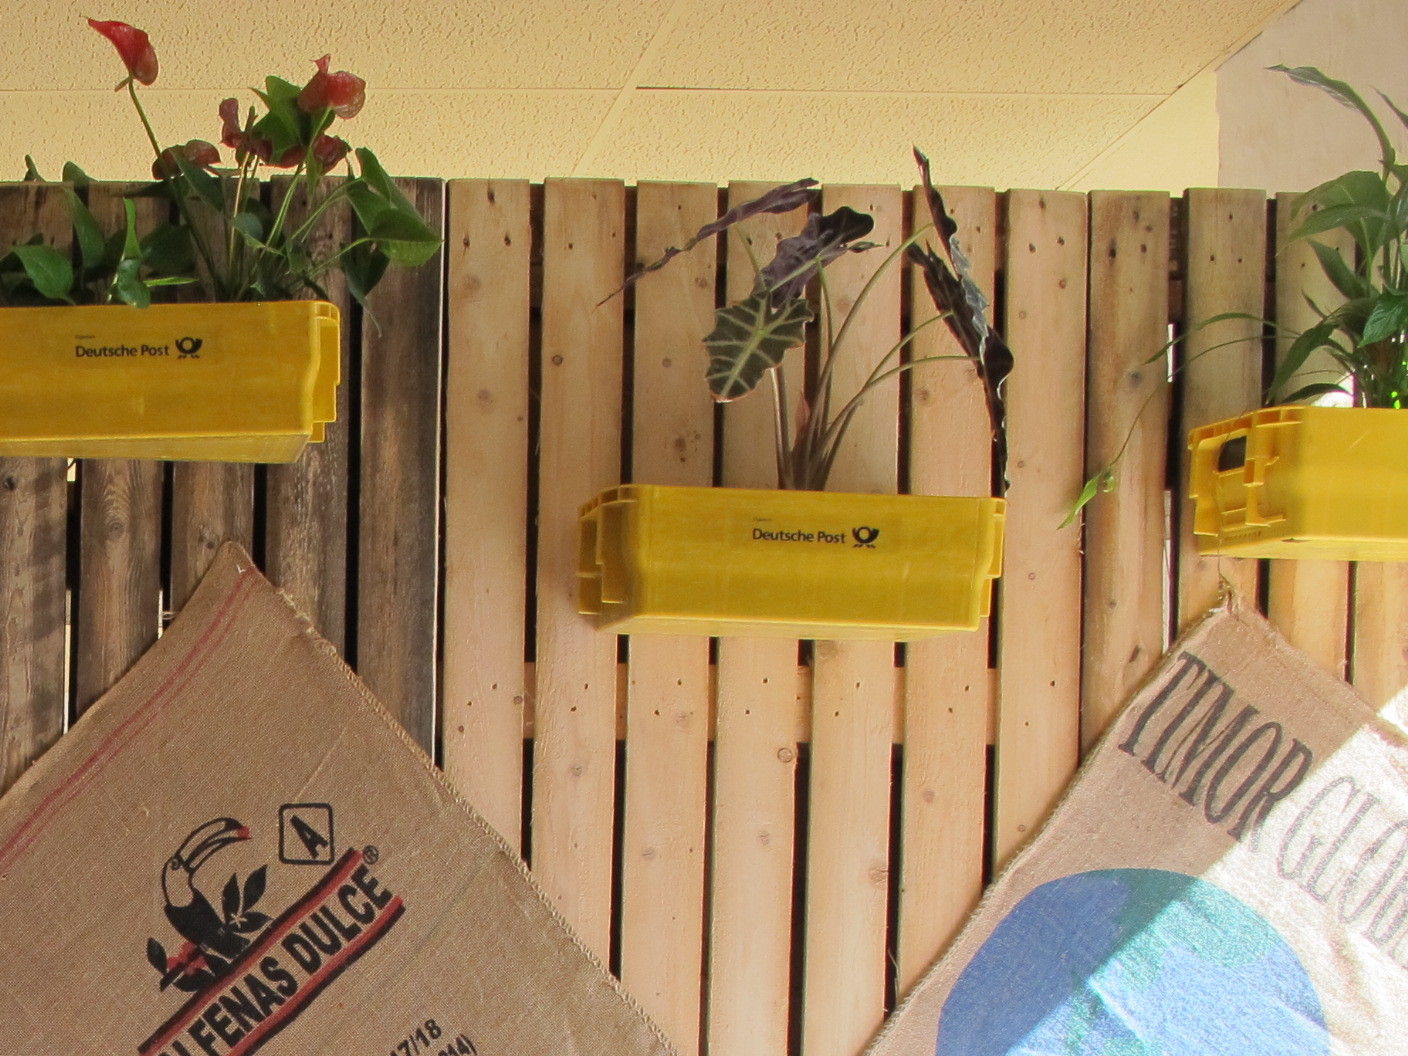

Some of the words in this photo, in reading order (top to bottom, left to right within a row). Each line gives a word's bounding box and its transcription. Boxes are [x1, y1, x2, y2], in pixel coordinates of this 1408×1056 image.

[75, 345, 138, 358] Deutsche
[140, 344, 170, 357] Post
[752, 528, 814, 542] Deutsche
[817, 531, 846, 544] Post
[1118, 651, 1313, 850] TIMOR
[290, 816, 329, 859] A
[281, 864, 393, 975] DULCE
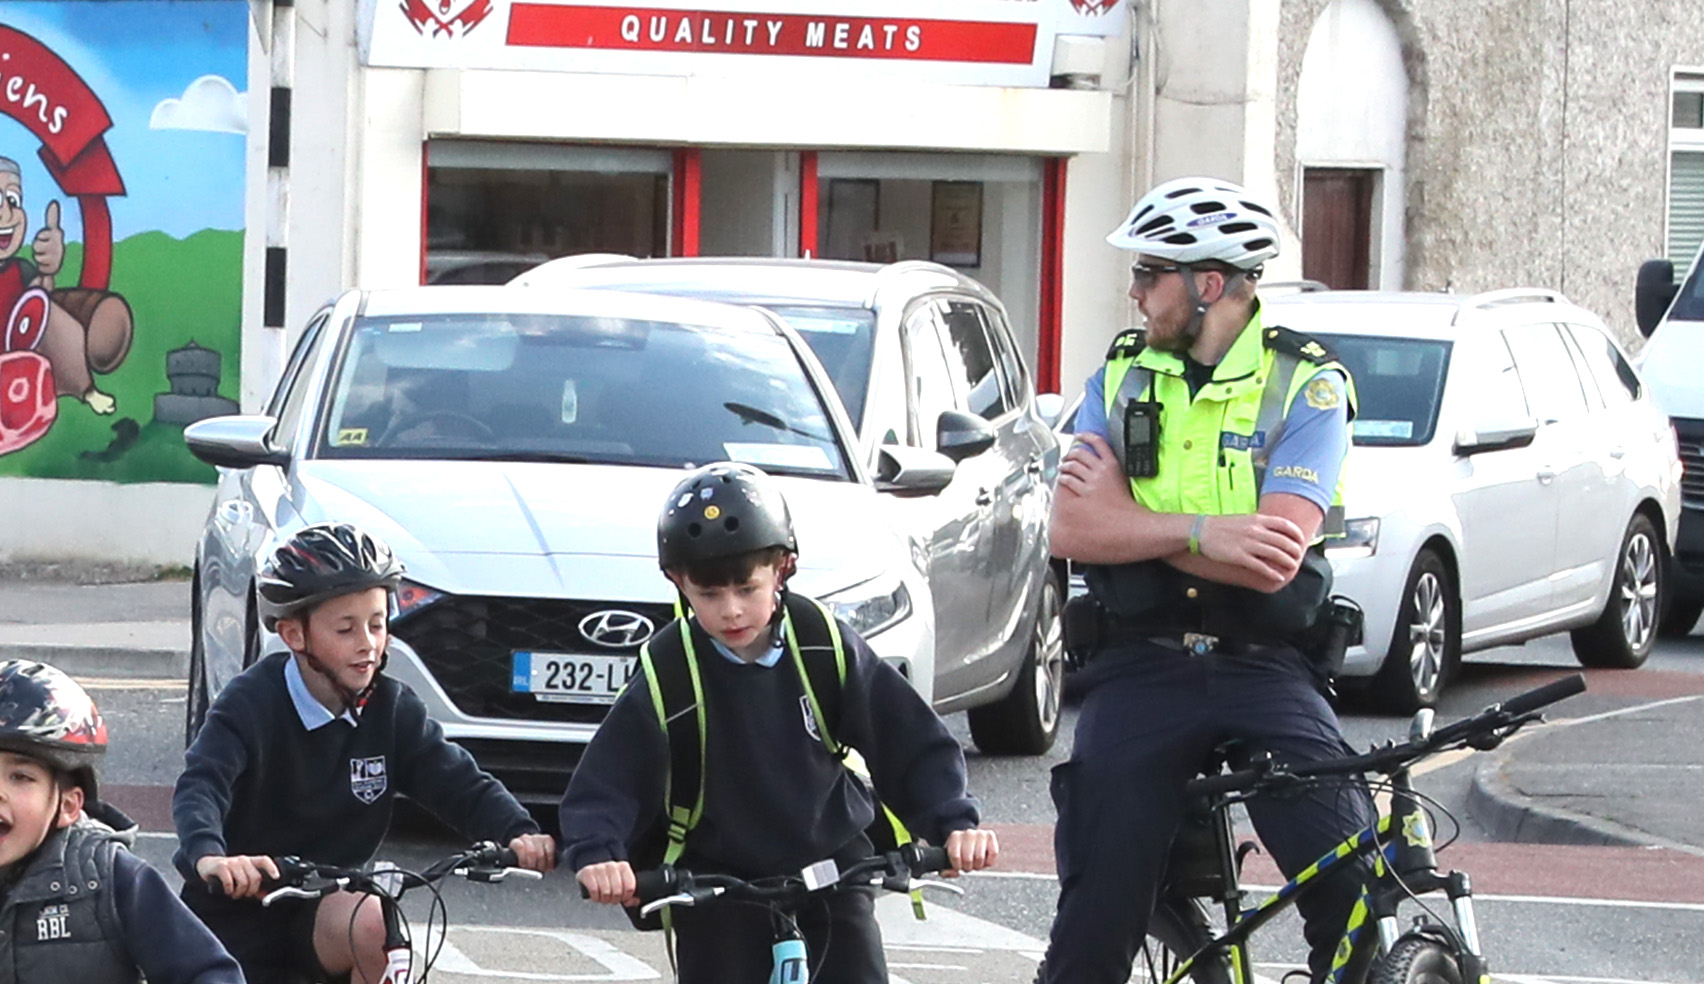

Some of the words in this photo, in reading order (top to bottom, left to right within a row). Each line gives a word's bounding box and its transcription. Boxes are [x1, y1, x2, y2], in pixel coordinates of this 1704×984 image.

=-=-=

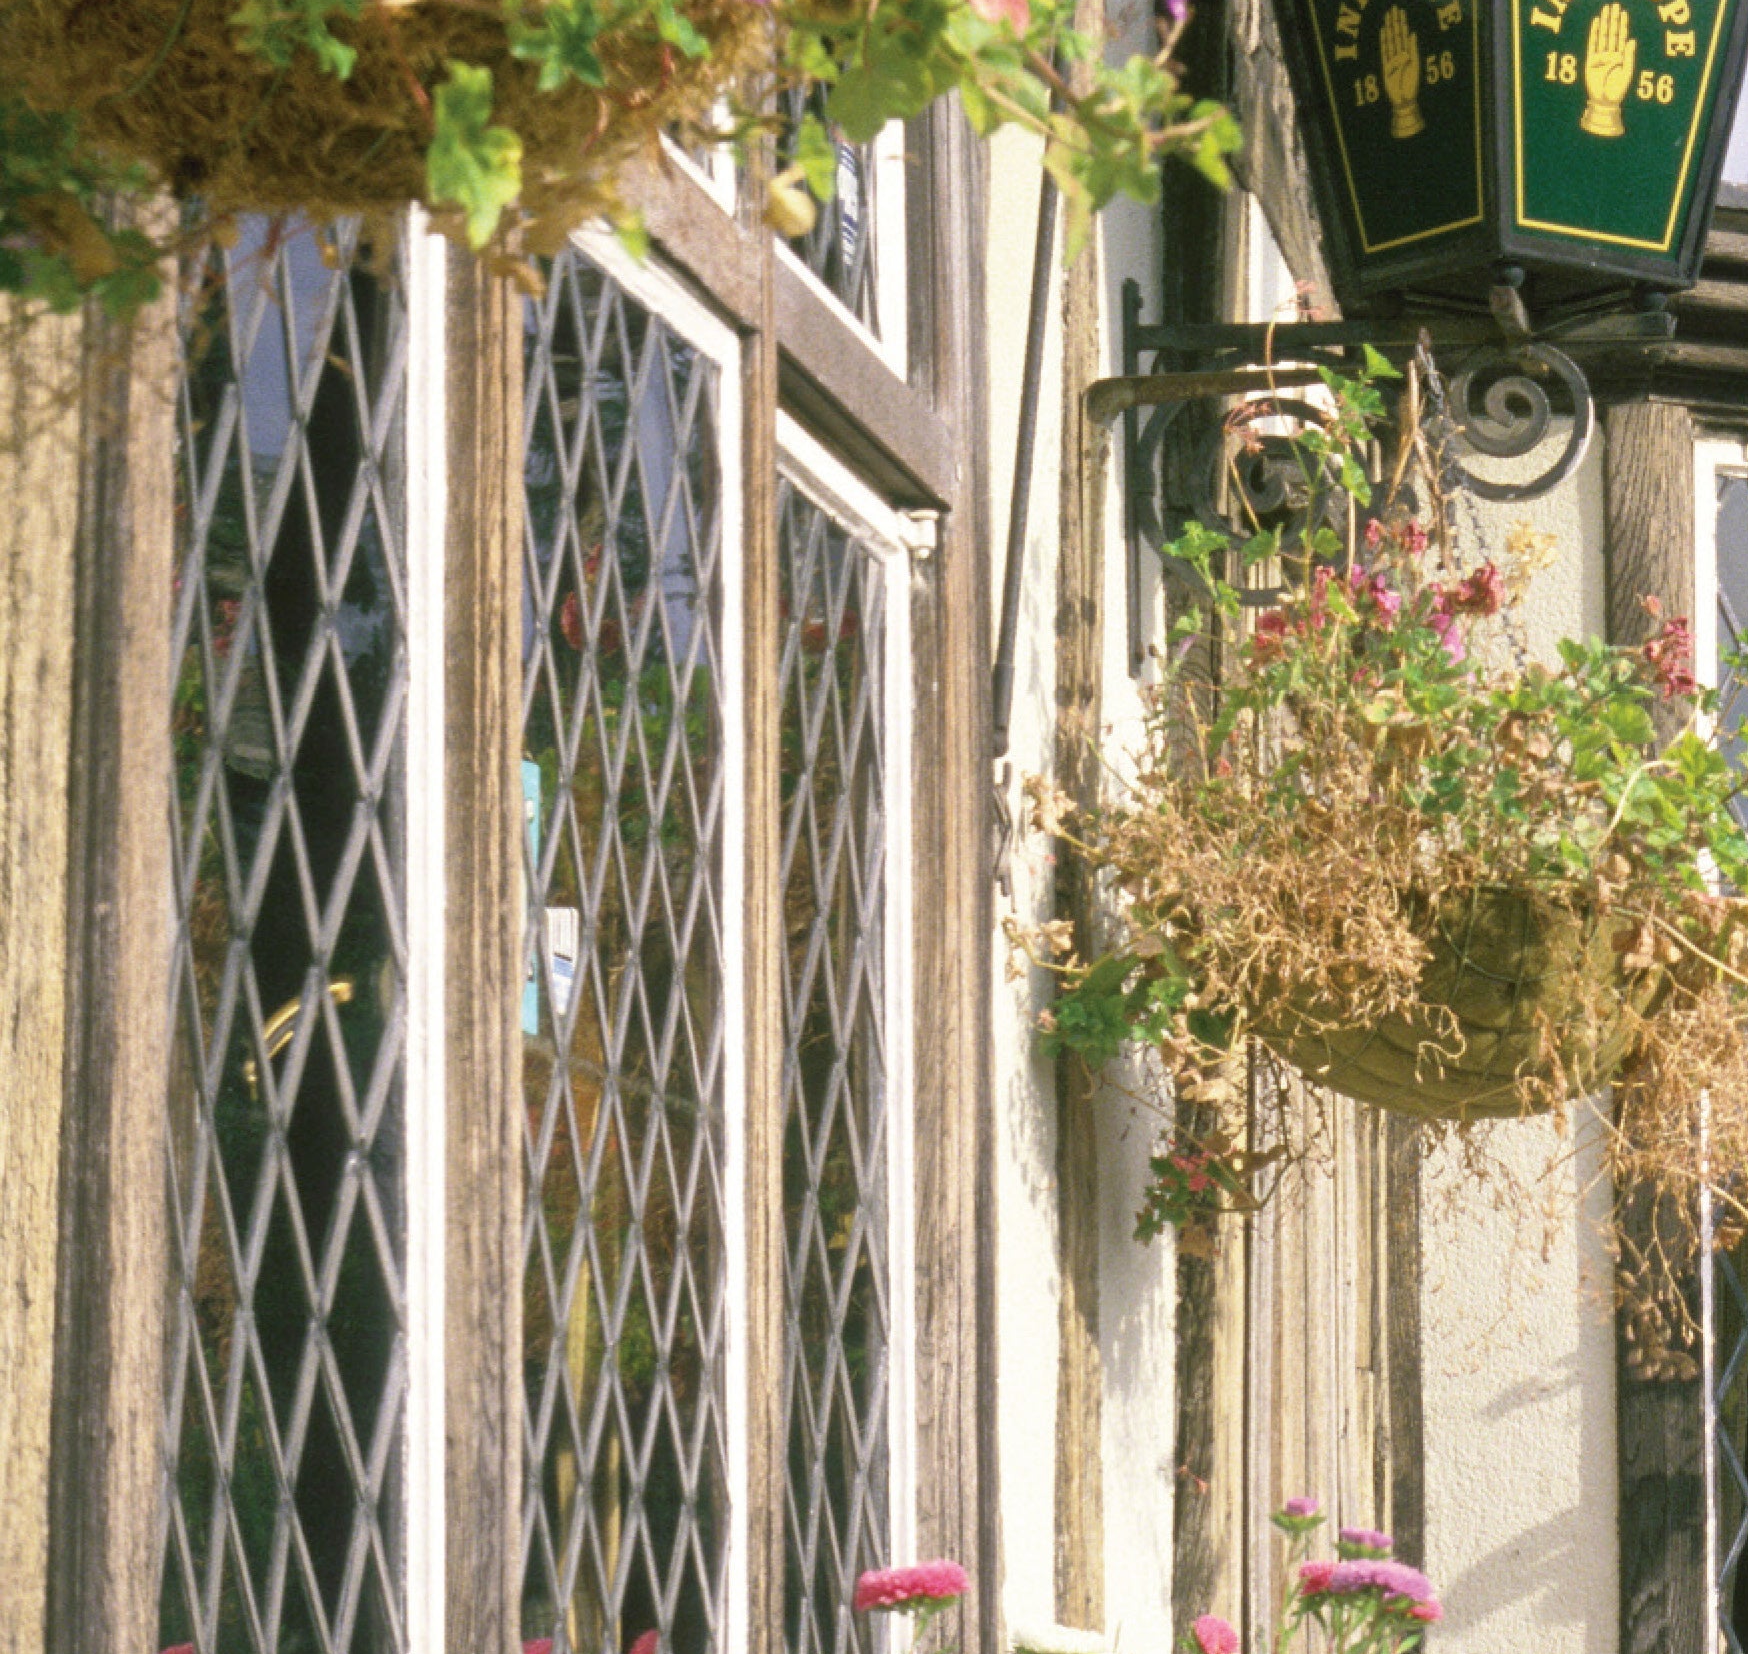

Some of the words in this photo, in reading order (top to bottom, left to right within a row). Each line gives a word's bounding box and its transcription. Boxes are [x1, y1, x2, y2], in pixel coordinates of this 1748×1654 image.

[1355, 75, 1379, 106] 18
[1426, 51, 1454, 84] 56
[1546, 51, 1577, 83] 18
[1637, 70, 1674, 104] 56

=-=-=

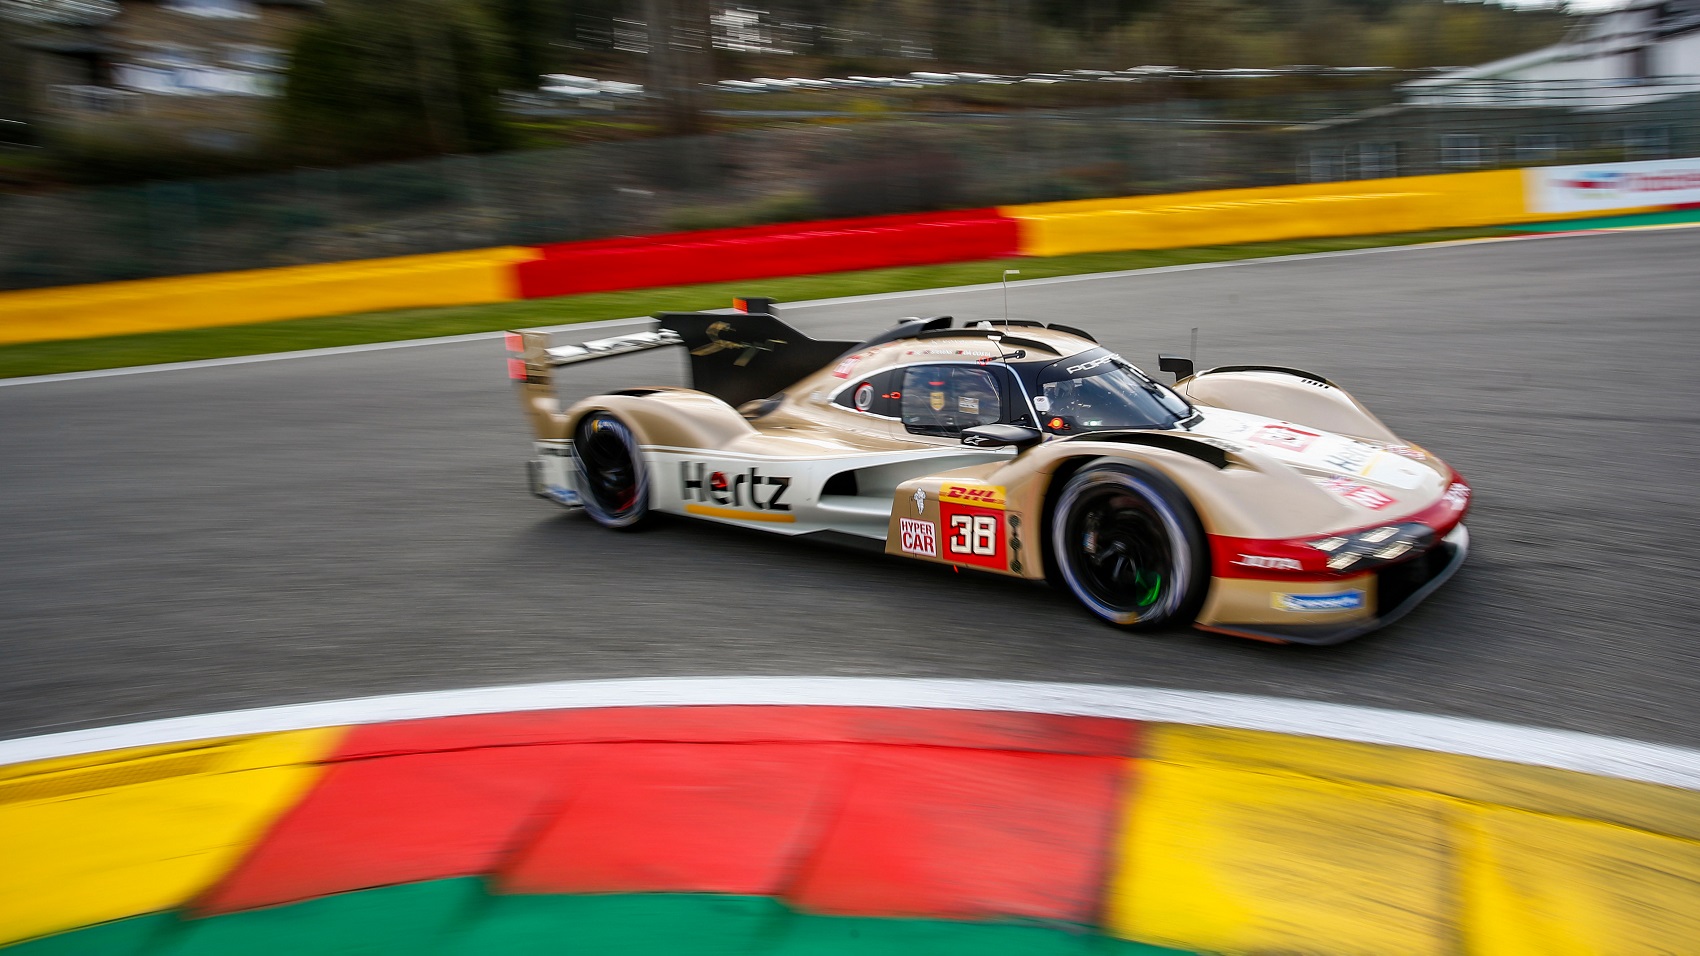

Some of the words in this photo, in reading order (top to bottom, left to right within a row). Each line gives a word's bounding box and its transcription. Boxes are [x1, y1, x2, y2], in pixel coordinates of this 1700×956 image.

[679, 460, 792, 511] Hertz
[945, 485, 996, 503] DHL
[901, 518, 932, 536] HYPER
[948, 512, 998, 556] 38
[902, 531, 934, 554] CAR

=-=-=

> What to produce: Give back, exactly and without pictures, the stretch of the records above from the line containing "this 1408×1056 image." through the line containing "this 1704×984 image.", with both end lines included.

> Solution:
Some of the words in this photo, in reading order (top to bottom, left to right within a row). Each line gives a word's bounding box and its transcription. Boxes are [x1, y1, x2, y2], in pixel coordinates of this 1408×1056 image.

[75, 345, 138, 358] Deutsche
[140, 344, 170, 357] Post
[752, 528, 814, 542] Deutsche
[817, 531, 846, 544] Post
[1118, 651, 1313, 850] TIMOR
[290, 816, 329, 859] A
[281, 864, 393, 975] DULCE

Some of the words in this photo, in reading order (top to bottom, left to right within a row). Each line gives a word's bounding box and its transcription. Boxes are [x1, y1, x2, y2], in pixel coordinates of this 1704×984 image.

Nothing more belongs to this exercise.